Conclusions— These data provide the first evidence that high levels of human HSP70 are associated with the low CAD risk, probably through its multiple protective effects on a cell’s response to stress.
Heat shock proteins (HSPs) constitute a large family of proteins that aid in a cell’s response to acute stress. The importance of these proteins is evident by the fact that they are ubiquitous and highly conserved across species. Although the HSPs are mainly intracellular molecules, when overexpressed in response to stress, they can be transported to and reside in the cell membrane, where they may be recognized by the immune surveillance system and function as autoantigens. They can also be released from cells into the blood and have biological activity.1,2⇓ Thus, when overexpressed, HSPs may evoke responses other than those associated with their intracellular location, and these responses may have the potential for deleterious consequences. For example, serum levels of HSP60 were significantly elevated in subjects with prevalence/incident carotid atherosclerosis as well as in patients with borderline hypertension.3,4⇓ Antibodies to HSP60 have been reported to be associated with both the presence and severity of clinically significant coronary artery disease (CAD).5
Experimental evidence suggests a cardioprotective role of another member of this family, HSP70, in several examples of acute myocardial stress.6–8⇓⇓ For example, the hearts of transgenic mice overexpressing HSP70 exhibit enhanced resistance to ischemic injury.8 Because antibodies to HSP70 have been detected, as they have to HSP60, this raises the possibility that HSP70 could trigger autoimmune responses that might attenuate any intrinsic beneficial cellular effects or, like the response to HSP60, may even exacerbate the development of atherosclerosis. However, limited experimental or clinical data in regard to the effects of HSP70 on atherogenesis are available.
It was the purpose of the present investigation to determine whether associations exist between HSP70 expression and atherogenesis. Specifically, we determined whether circulating HSP70 protein and anti-HSP70 antibodies are associated with CAD.
Four hundred twenty-one individuals, under a National Institutes of Health Institutional Review Board–approved protocol, entered the study. The study cohort consisted of individuals with chest pain or with noninvasive tests compatible with myocardial ischemia who were referred for coronary angiography. All participants underwent clinical examination and assessment of current and past exposure to traditional CAD risk factors, as described previously.5 A patient was defined as having CAD if there was angiographic evidence of atherosclerosis (≥50% stenosis of at least 1 major coronary artery by coronary angiography). Patients with significant valvular heart disease or nonatherosclerotic cardiomyopathy were excluded. No patient admitted to the study had a myocardial infarction within the past 3 months.

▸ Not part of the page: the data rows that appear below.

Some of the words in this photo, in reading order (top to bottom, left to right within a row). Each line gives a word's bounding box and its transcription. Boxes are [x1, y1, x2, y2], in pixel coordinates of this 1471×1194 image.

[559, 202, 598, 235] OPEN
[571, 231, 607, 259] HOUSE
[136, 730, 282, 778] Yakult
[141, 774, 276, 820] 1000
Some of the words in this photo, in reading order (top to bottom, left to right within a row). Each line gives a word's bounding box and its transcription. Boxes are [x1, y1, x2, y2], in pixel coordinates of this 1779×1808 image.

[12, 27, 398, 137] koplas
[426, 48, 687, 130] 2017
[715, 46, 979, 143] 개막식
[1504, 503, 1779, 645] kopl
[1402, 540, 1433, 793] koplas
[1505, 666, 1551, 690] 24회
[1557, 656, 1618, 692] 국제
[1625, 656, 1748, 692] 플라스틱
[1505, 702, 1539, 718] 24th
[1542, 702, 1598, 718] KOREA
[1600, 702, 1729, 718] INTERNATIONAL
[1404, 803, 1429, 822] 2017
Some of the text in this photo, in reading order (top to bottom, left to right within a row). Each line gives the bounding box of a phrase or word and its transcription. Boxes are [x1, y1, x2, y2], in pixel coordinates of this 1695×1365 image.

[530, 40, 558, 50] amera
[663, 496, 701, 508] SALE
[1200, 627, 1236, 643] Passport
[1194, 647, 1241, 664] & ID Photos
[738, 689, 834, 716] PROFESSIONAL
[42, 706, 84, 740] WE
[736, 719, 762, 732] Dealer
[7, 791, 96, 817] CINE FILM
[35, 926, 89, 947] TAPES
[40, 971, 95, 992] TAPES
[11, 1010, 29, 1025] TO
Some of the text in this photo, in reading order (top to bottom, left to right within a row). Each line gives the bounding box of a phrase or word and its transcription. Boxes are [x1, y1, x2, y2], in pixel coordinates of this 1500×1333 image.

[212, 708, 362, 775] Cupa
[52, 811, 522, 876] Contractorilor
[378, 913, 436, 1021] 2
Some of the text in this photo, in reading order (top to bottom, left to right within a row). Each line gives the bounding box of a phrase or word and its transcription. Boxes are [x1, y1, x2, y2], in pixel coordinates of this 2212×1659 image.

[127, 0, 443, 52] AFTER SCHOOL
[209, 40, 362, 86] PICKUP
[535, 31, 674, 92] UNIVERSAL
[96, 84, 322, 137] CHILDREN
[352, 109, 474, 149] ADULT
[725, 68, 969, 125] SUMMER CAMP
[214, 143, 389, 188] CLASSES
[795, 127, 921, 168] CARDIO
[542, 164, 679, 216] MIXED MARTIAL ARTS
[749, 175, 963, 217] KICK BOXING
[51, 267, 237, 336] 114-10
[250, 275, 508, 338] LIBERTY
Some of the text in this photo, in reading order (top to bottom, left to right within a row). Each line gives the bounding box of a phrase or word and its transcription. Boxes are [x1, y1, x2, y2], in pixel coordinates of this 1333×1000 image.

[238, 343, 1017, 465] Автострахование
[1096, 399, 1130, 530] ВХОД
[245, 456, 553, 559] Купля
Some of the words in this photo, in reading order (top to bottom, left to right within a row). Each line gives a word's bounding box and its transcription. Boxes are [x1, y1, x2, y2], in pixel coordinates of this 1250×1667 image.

Serum HSP70 Protein and Anti-HSP70 Antibodies
Serum samples were obtained from study subjects before the time of coronary angiography. The samples were frozen at −80°C, and aliquots were thawed only when performing specific tests. Serum HSP70 protein levels were determined using commercially available ELISA kits (StressGen Biotechnologies Corp). The concentrations of HSP70 protein were determined by comparison with a standard curve according to manufacturer’s direction. The standard curve has a range of 0.78 to 50 ng/mL, and the sensitivity of the assay is 0.2 ng/mL.
IgG antibodies against human HSP70 were determined by ELISA. Ninety-six-well microtiter plates were coated with 5 μg/mL recombinant HSP70 (StressGen Biotechnologies Corp) in 100 μL carb/Bicarb buffer (pH 9.6) per well at 4°C overnight. After washing with wash buffer (Wampole) and blocking with 3% BSA in PBS at room temperature for 3 hours, plates were incubated with 100 μL serum samples diluted in Serum Diluent (Wampole) to 1 in 50 at room temperature for 1 hour. After an additional wash, the plates were incubated with horseradish-peroxidase–conjugated goat anti-human IgG diluted 1 in 10 000 with PBS. After washing, 100 μL chromogen/substrate solution containing tetramethylbenzidine (Wampole) was added to wells. Absorbance at 450 nm was measured after 10 minutes following addition of the stopping solution (Wampole). After correction for background absorbance, a serum sample was considered positive for antibodies against human HSP70 if the optical density exceeded a prospectively defined cutoff value of 0.60. This cutoff value is calculated from the negative and positive control absorbance values.
Serum C-Reactive Protein Levels
Serum C-reactive protein (CRP) was measured by fluorescence polarization immunoassay (FPIA) technology (TDxFLEx analyzer, Abbott Laboratory). Using this assay, 95% of healthy individuals (n=202) had a CRP level of ≤0.5 mg/dL and 98% had levels ≤1.0 mg/dL, respectively, in their sera. The between-run coefficient of variation of this assay (n=31) was 4.3% and 2.2% at mean levels of 1.10 and 2.94 mg/dL, respectively.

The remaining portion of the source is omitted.